Neurônio da Semana

Se temos a possibilidade de tornar as pessoas mais felizes e serenas, devemos fazê-lo sempre. - Hermann Messe

segunda-feira, 6 de janeiro de 2014

Pandora


Ela me perguntou: o que você irá fazer? Não sei, pensei comigo. Aprendi recentemente que não devo gerar expectativas demais. A vida é uma roda, nada é estável e estamos em constante mutação. Meus planos mudaram bruscamente de um ano pra cá, ou será que na verdade isso é uma prova que em mim, não existe constância? Talvez me falte persistência. 

Talvez. 

Não sei o que fazer. O plano é estudar para “ser” alguém, ou pelo menos, para ser enquadrado perfeitamente na parede da sociedade como “mais um tijolo”. Dura realidade. Esse é o mundo “real” que tento enfeita-lo com minhas ideologias, mas ainda que minha mente ande nas nuvens, meus pés estão constantemente no chão.




O que se fazer quando na verdade se está esperando? E o que se esperar quando na verdade as ações parecem temporariamente bloqueadas pelo o quê externo? Ou será que na verdade, eu sou o maior obstáculo para mim mesmo?


O futuro tornou-se uma caixa de surpresas e toda vez que tento visualiza-lo, suas imagens se distorcem, escorregando de minhas mãos aquilo que achei que jamais escaparia delas.
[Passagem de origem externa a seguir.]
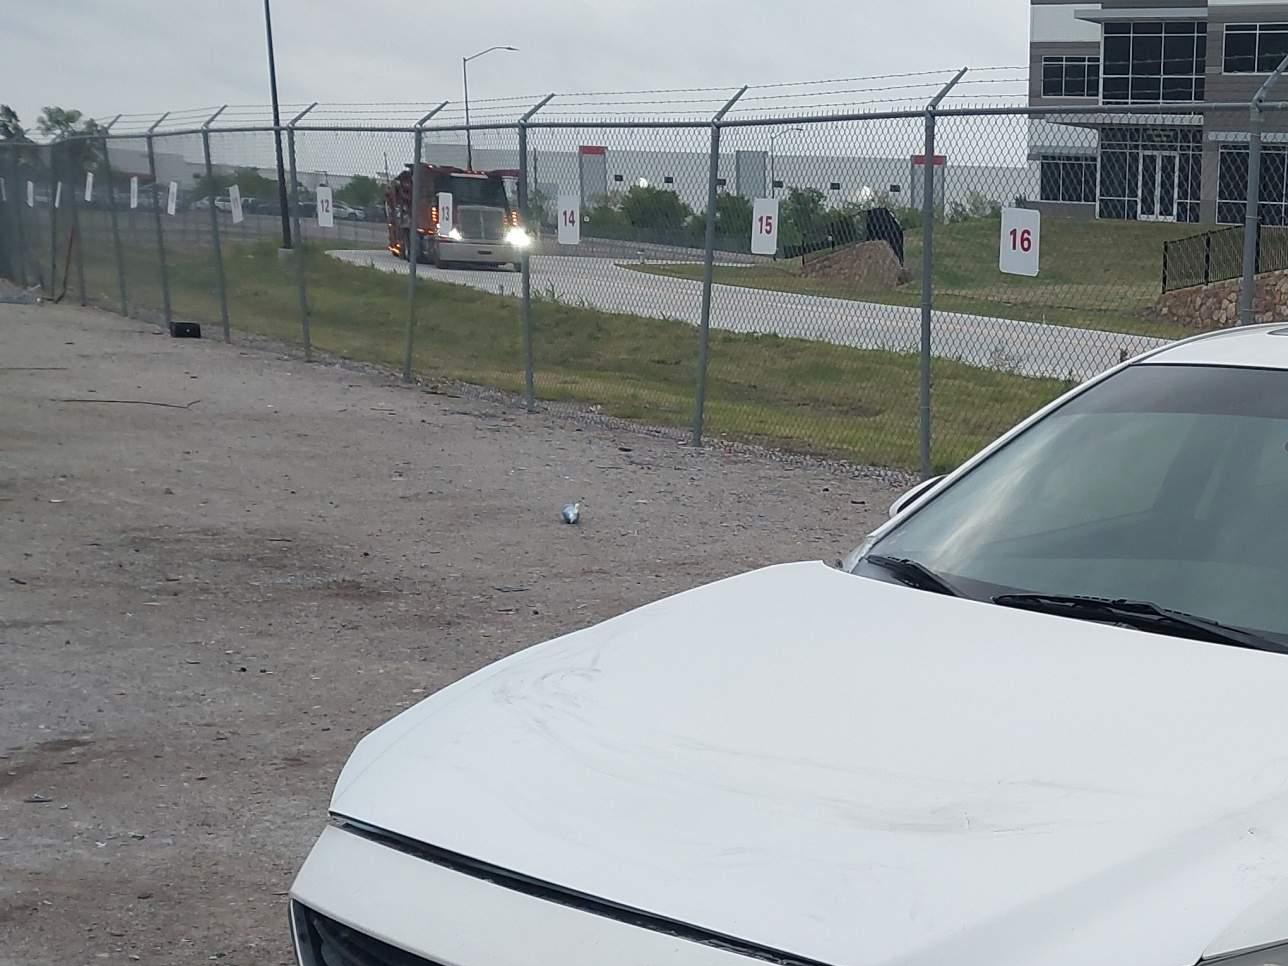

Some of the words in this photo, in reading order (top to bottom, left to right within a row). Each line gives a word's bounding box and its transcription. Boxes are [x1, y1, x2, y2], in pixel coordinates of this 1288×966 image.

Mas entendi, que as melhores coisas que nos acontecem, raramente as planejamos. Não marcamos horário com a felicidade e não há receita certa ou manual de instruções para obtê-la. 

Descobri que mesmo diante de todos os "males" que surgiram da inocência, você ressignificou aquilo que achei que tinha perdido: a esperança de dias melhores.